Exercise – Exclude the images, then return every line below exactly as written.

⟨

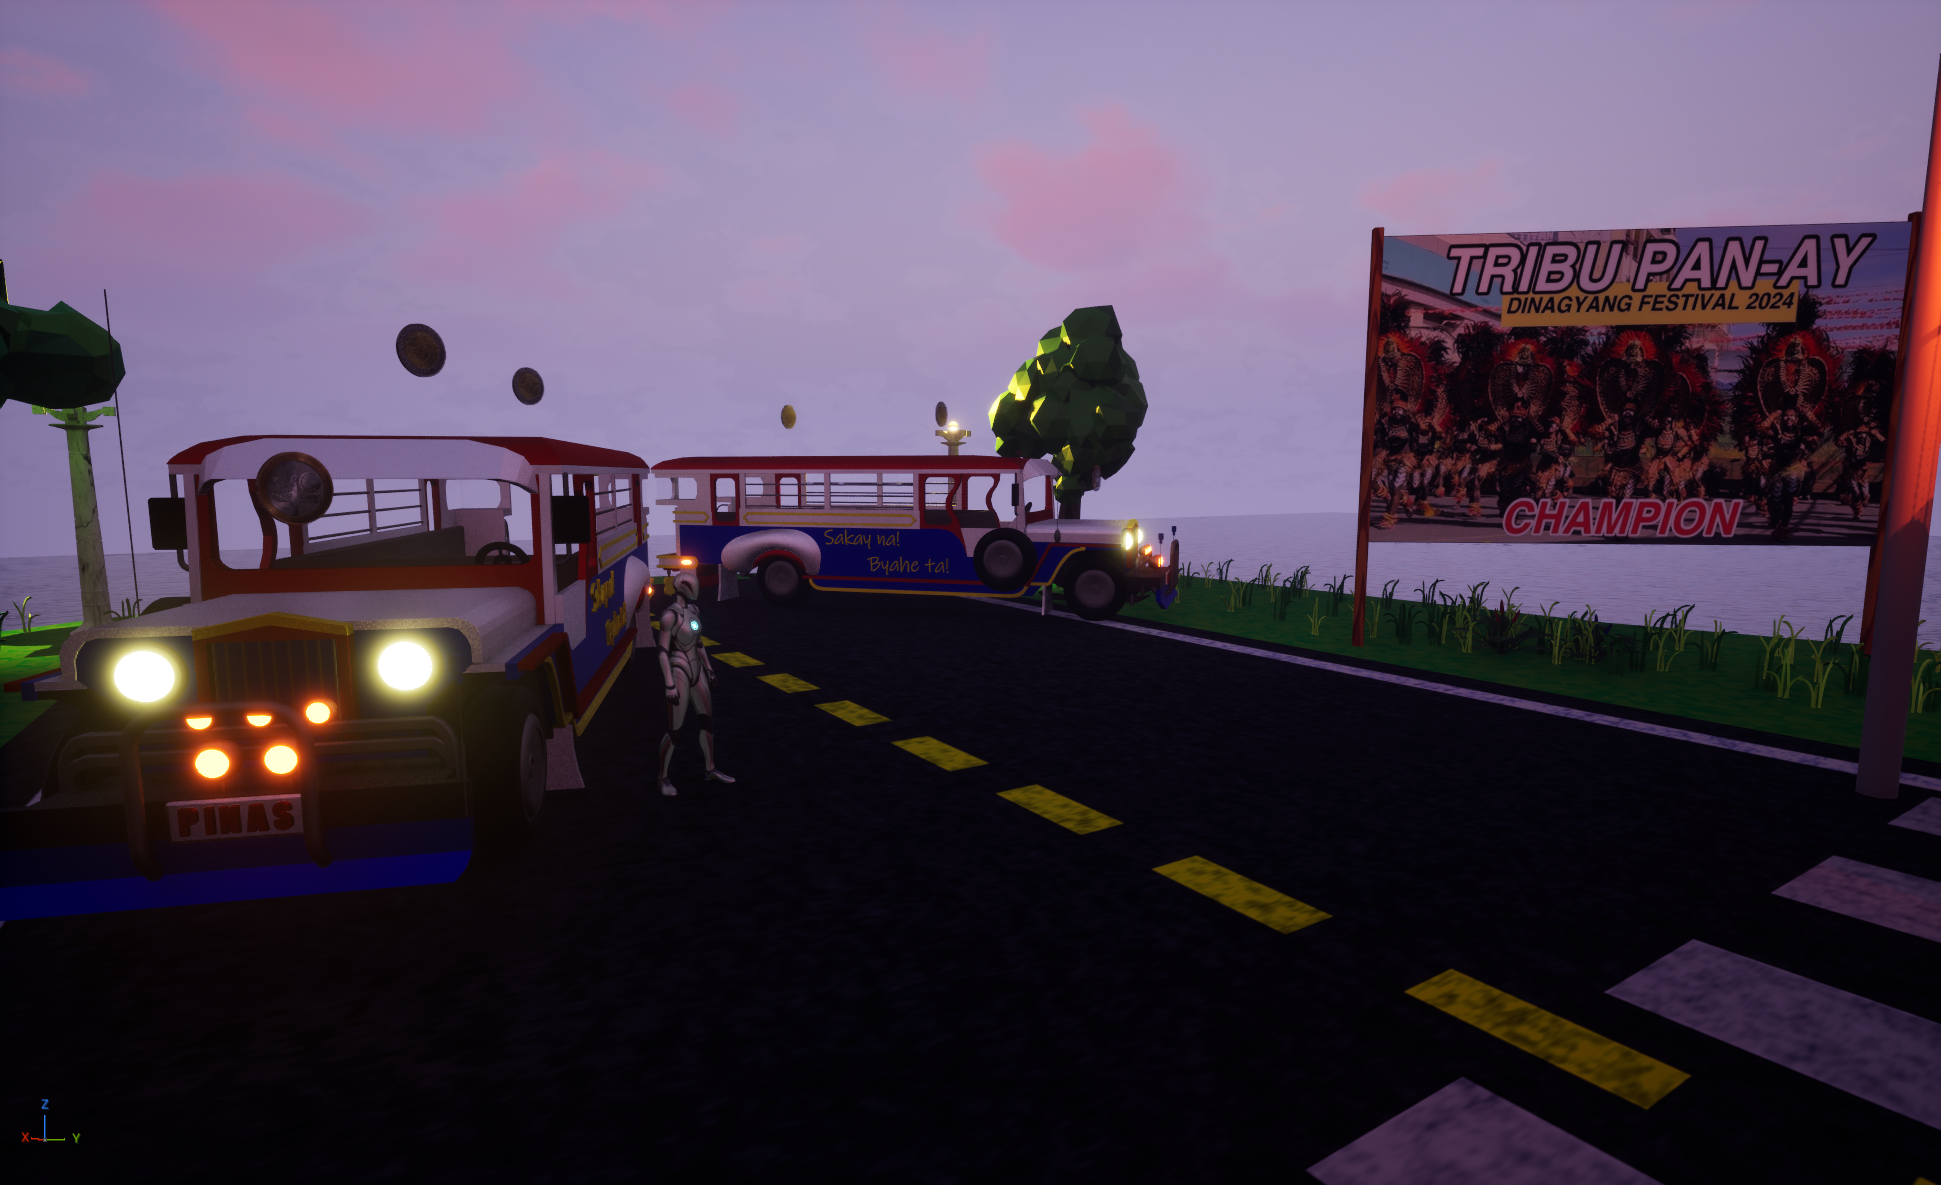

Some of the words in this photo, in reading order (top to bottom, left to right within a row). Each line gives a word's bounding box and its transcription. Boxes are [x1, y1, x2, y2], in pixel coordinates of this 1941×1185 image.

[1447, 240, 1626, 296] TRIBU
[1631, 232, 1878, 292] PAN-AY
[1506, 294, 1634, 315] DINAGYANG
[1637, 292, 1740, 312] FESTIVAL
[1745, 291, 1796, 310] 2024
[1502, 497, 1744, 538] CHAMPION
[823, 529, 872, 549] Sakay
[877, 530, 900, 546] na!
[866, 556, 920, 575] Byahe
[924, 557, 950, 573] ta!
[176, 800, 295, 838] PINAS
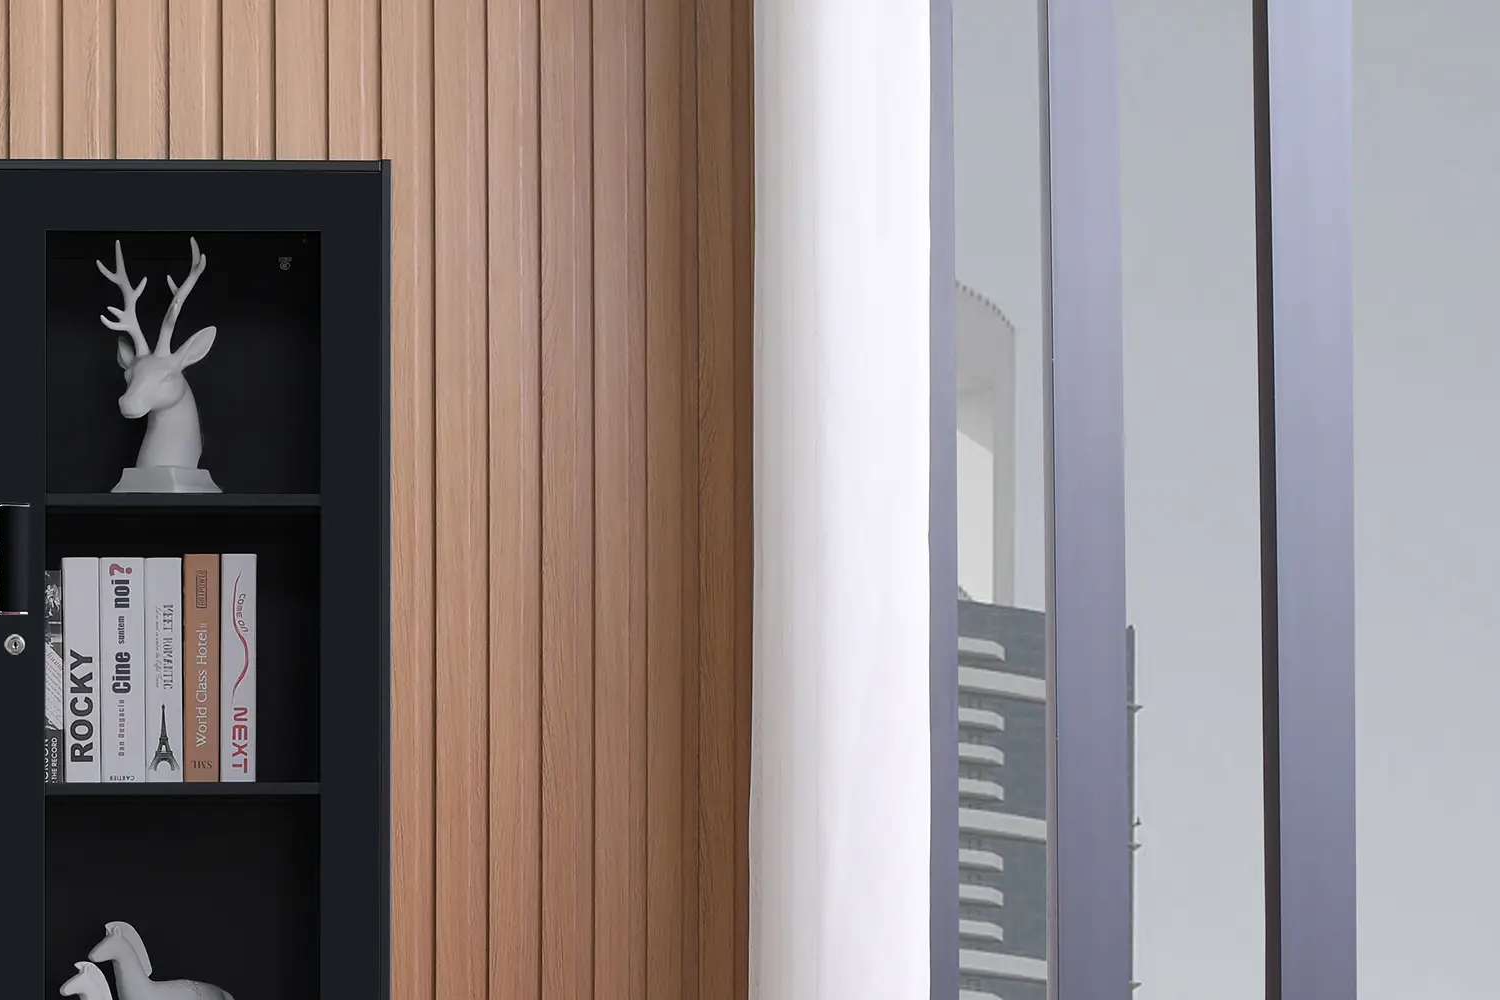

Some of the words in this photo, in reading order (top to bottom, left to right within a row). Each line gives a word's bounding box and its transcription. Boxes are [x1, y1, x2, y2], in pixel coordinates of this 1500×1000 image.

[197, 569, 206, 606] ARTPOWER
[162, 637, 174, 690] ROMANTIC
[196, 629, 209, 665] Hotel
[111, 651, 132, 694] Cine
[196, 669, 209, 703] Class
[69, 649, 94, 763] ROCKY
[196, 706, 209, 748] World
[231, 706, 249, 774] NEXT
[190, 759, 213, 769] SML

⟩

Output of the task –
Some of the words in this photo, in reading order (top to bottom, left to right within a row). Each line gives a word's bounding box and its transcription. Boxes are [x1, y1, x2, y2], in pixel coordinates of this 1941×1185 image.

[1447, 240, 1626, 296] TRIBU
[1631, 232, 1878, 292] PAN-AY
[1506, 294, 1634, 315] DINAGYANG
[1637, 292, 1740, 312] FESTIVAL
[1745, 291, 1796, 310] 2024
[1502, 497, 1744, 538] CHAMPION
[823, 529, 872, 549] Sakay
[877, 530, 900, 546] na!
[866, 556, 920, 575] Byahe
[924, 557, 950, 573] ta!
[176, 800, 295, 838] PINAS

Some of the words in this photo, in reading order (top to bottom, left to right within a row). Each line gives a word's bounding box and its transcription. Boxes are [x1, y1, x2, y2], in pixel coordinates of this 1500×1000 image.

[197, 569, 206, 606] ARTPOWER
[162, 637, 174, 690] ROMANTIC
[196, 629, 209, 665] Hotel
[111, 651, 132, 694] Cine
[196, 669, 209, 703] Class
[69, 649, 94, 763] ROCKY
[196, 706, 209, 748] World
[231, 706, 249, 774] NEXT
[190, 759, 213, 769] SML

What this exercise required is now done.